County in Utah, United States

Wasatch County (/ˈwɑːsætʃ/ WAH-satch) is a county in the U.S. state of Utah. As of the 2020 United States census, the population was 34,788. Its county seat and largest city is Heber City. The county was named for a Ute word meaning "mountain pass" or "low place in the high mountains".

Wasatch County is part of the Heber, UT Micropolitan Statistical Area as well as the Salt Lake City–Provo–Orem, UT Combined Statistical Area.

==History==
The first settlers were Mormon pioneers, in 1859, settling near present Heber City, Midway, and Charleston. On January 17, 1862, the Utah Territory legislature created the county, annexing areas from Great Salt Lake, Green River, Sanpete, Summit, and Utah counties. Heber was selected as the county seat.
Wasatch in Ute means "mountain pass" or "low pass over high range". Heber City was named for Mormon Apostle Heber C. Kimball. The county boundaries were altered in 1880 and 1884, and then on January 4, 1915, the eastern portion was partitioned off to become Duchesne County. The Wasatch County boundaries have remained unchanged since 1915.

==Geography==
Heber Valley has a relatively cool climate since it is mountain-ringed, and over half the land is 7,500 ft above sea level. The average annual precipitation is about 16 in. The county is divided into two watersheds—the Colorado and the Great Basin drainage systems. Flowing from the East are Daniels, Lake Fork, and Center creeks. From the north and northeast is the Provo River. Flowing from the west is Snake Creek. The county's highest point is the west slope of Murdock Mountain in the Uinta Mountains, at 10,840 ft ASL.
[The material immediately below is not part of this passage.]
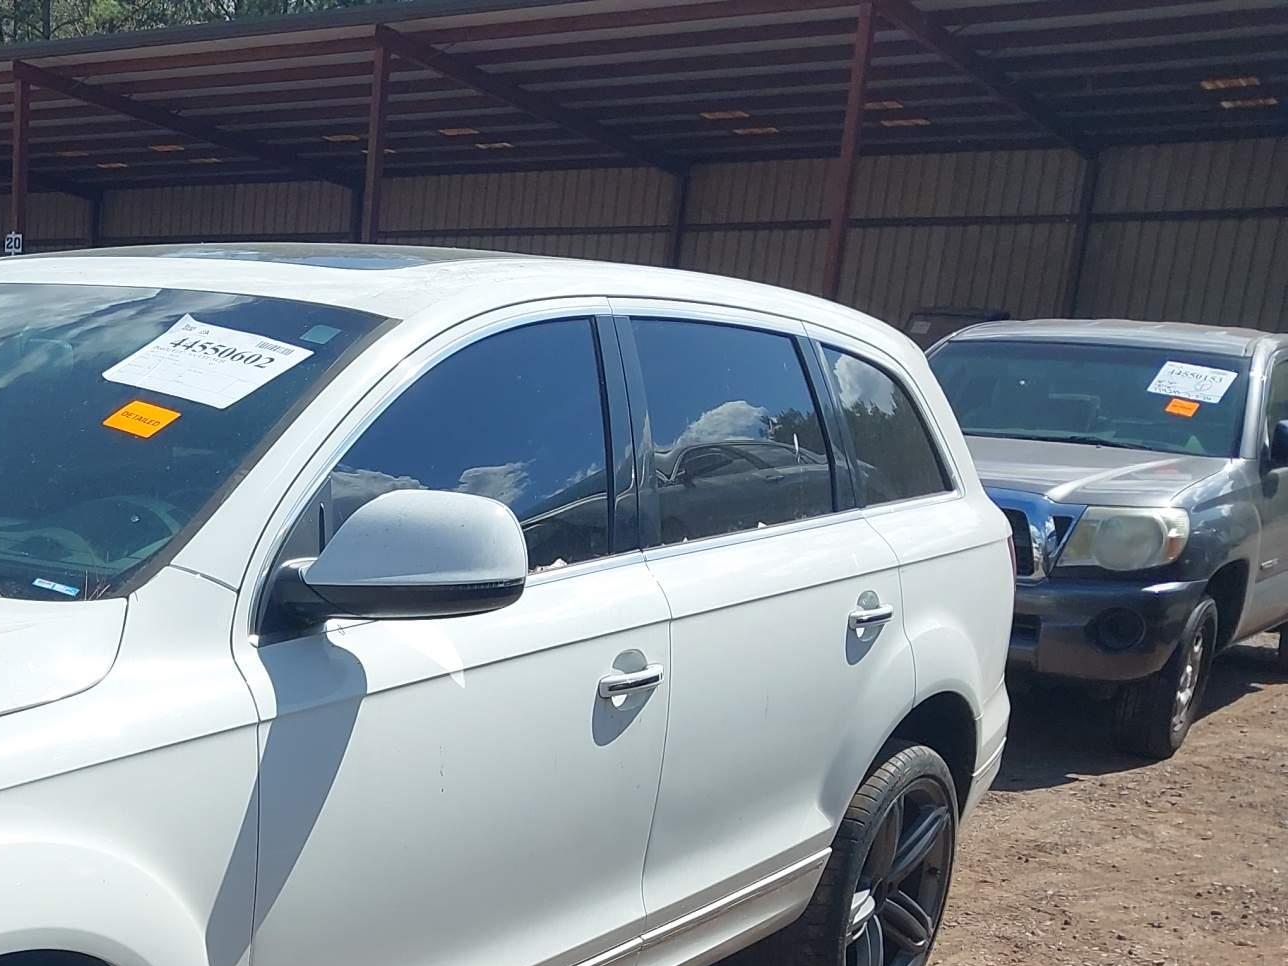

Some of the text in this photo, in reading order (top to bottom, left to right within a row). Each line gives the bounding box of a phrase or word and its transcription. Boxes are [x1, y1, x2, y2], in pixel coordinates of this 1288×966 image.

[6, 236, 21, 250] 20
[169, 337, 275, 369] 44550602
[120, 410, 161, 427] DETAILED
Wasatch County has a total area of 1206 sqmi, of which 1176 sqmi is land and 30 sqmi (2.5%) is water.

===Major highways===

- U.S. Route 6
- U.S. Route 40
- U.S. Route 189
- Utah State Route 32
- Utah State Route 35
- Utah State Route 113
- Utah State Route 248
- Utah State Route 319

===Adjacent counties===
- Salt Lake County - northwest
- Summit County - north
- Duchesne County - east
- Utah County - southwest

===Protected areas===

- Ashley National Forest (part)
- Currant Creek Campground (USFS)
- Currant Creek Wildlife Management Area (part)
- Deer Creek State Park
- Rock Cliff Campground (Utah State Park)
- Soldier Creek Recreational Area
- Uinta National Forest (part)
- Wasatch Mountain State Park
- Wasatch National Forest (part)
- Wildcat Mountain Wildlife Management Area

===Lakes===

- Currant Creek Reservoir
- Deer Creek Reservoir
- Jordanelle Reservoir
- Strawberry Reservoir
- Witts Lake

==Demographics==

Historical population
| Census | Pop. | Note | %± |
| 1870 | 1,244 |  | — |
| 1880 | 2,927 |  | 135.3% |
| 1890 | 3,595 |  | 22.8% |
| 1900 | 4,786 |  | 33.1% |
| 1910 | 8,920 |  | 86.4% |
| 1920 | 4,625 |  | −48.2% |
| 1930 | 5,636 |  | 21.9% |
| 1940 | 5,754 |  | 2.1% |
| 1950 | 5,574 |  | −3.1% |
| 1960 | 5,308 |  | −4.8% |
| 1970 | 5,863 |  | 10.5% |
| 1980 | 8,523 |  | 45.4% |
| 1990 | 10,089 |  | 18.4% |
| 2000 | 15,215 |  | 50.8% |
| 2010 | 23,530 |  | 54.7% |
| 2020 | 34,788 |  | 47.8% |
| 2025 (est.) | 38,514 | Increase | 10.7% |
US Decennial Census 1790–1960 1900–1990 1990–2000 2010 2020

===2020 census===
According to the 2020 United States census and 2020 American Community Survey, there were 34,788 people in Wasatch County with a population density of 29.6 people per square mile (11.4/km^{2}). Among non-Hispanic or Latino people, the racial makeup was 28,168 (81.0%) White, 141 (0.4%) African American, 67 (0.2%) Native American, 347 (1.0%) Asian, 41 (0.1%) Pacific Islander, 65 (0.2%) from other races, and 913 (2.6%) from two or more races. 5,046 (14.5%) people were Hispanic or Latino.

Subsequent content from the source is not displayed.